Schiemann v. Foti Contracting, L.L.C.

2013 Ohio 269
CourtOhio Court of Appeals
DecidedJanuary 31, 2013
Docket98662
StatusPublished
Cited by3 cases

This text of 2013 Ohio 269 (Schiemann v. Foti Contracting, L.L.C.) is published on Counsel Stack Legal Research, covering Ohio Court of Appeals primary law. Counsel Stack provides free access to over 12 million legal documents including statutes, case law, regulations, and constitutions.

Bluebook
Schiemann v. Foti Contracting, L.L.C., 2013 Ohio 269 (Ohio Ct. App. 2013).

Opinion

[Cite as Schiemann v. Foti Contracting, L.L.C., 2013-Ohio-269.]

Court of Appeals of Ohio EIGHTH APPELLATE DISTRICT COUNTY OF CUYAHOGA

JOURNAL ENTRY AND OPINION No. 98662

ROBERT SCHIEMANN, ET AL. PLAINTIFFS-APPELLANTS

vs.

FOTI CONTRACTING, L.L.C., ET AL. DEFENDANTS-APPELLEES

JUDGMENT: AFFIRMED

Civil Appeal from the Cuyahoga County Common Pleas Court Case No.
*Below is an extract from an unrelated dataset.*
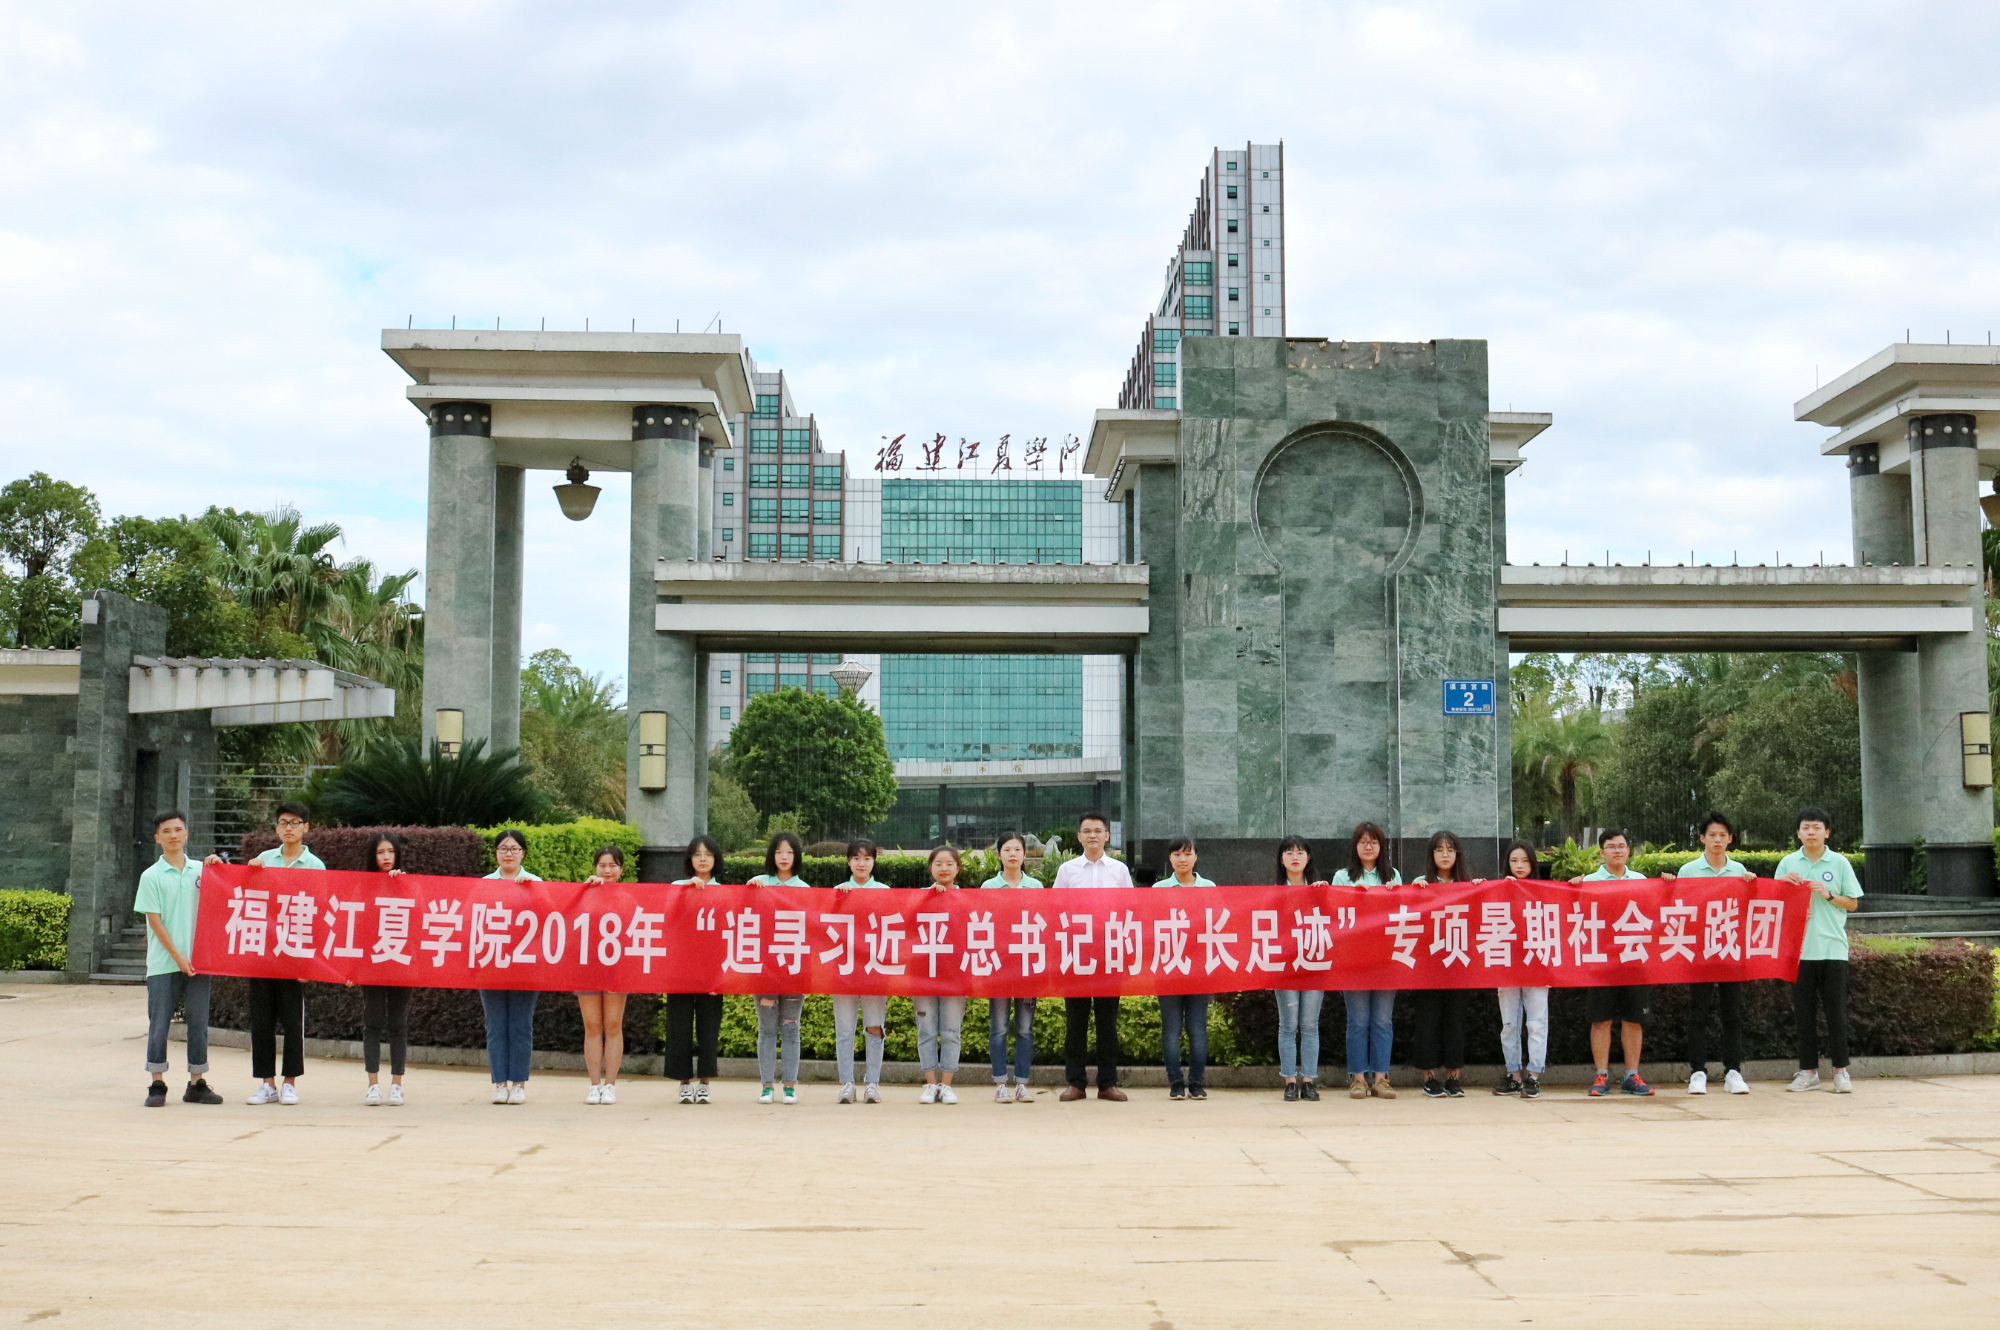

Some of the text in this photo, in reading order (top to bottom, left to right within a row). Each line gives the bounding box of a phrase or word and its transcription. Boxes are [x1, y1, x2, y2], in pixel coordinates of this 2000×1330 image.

CV-730877

BEFORE: Blackmon, J., Stewart, A.J., and Jones, J.

RELEASED AND JOURNALIZED: January 31, 2013 ATTORNEYS FOR APPELLANTS

Stephen S. Vanek Jeffrey H. Friedman Friedman, Domiano & Smith Co. 55 Public Square, Suite 1055 Cleveland, OH 44113

David R. Grant Plevin & Gallucci Company, L.P.A. 55 Public Square, Suite 2222 Cleveland, OH 44113

ATTORNEYS FOR APPELLEE

Jan L. Roller Megan D. Stricker Davis & Young 1200 Fifth Third Center 600 Superior Avenue, E. Cleveland, OH 44114

PATRICIA ANN BLACKMON, J.: {¶1} Appellants Robert Schiemann and Joana Schiemann (“the Schiemanns”)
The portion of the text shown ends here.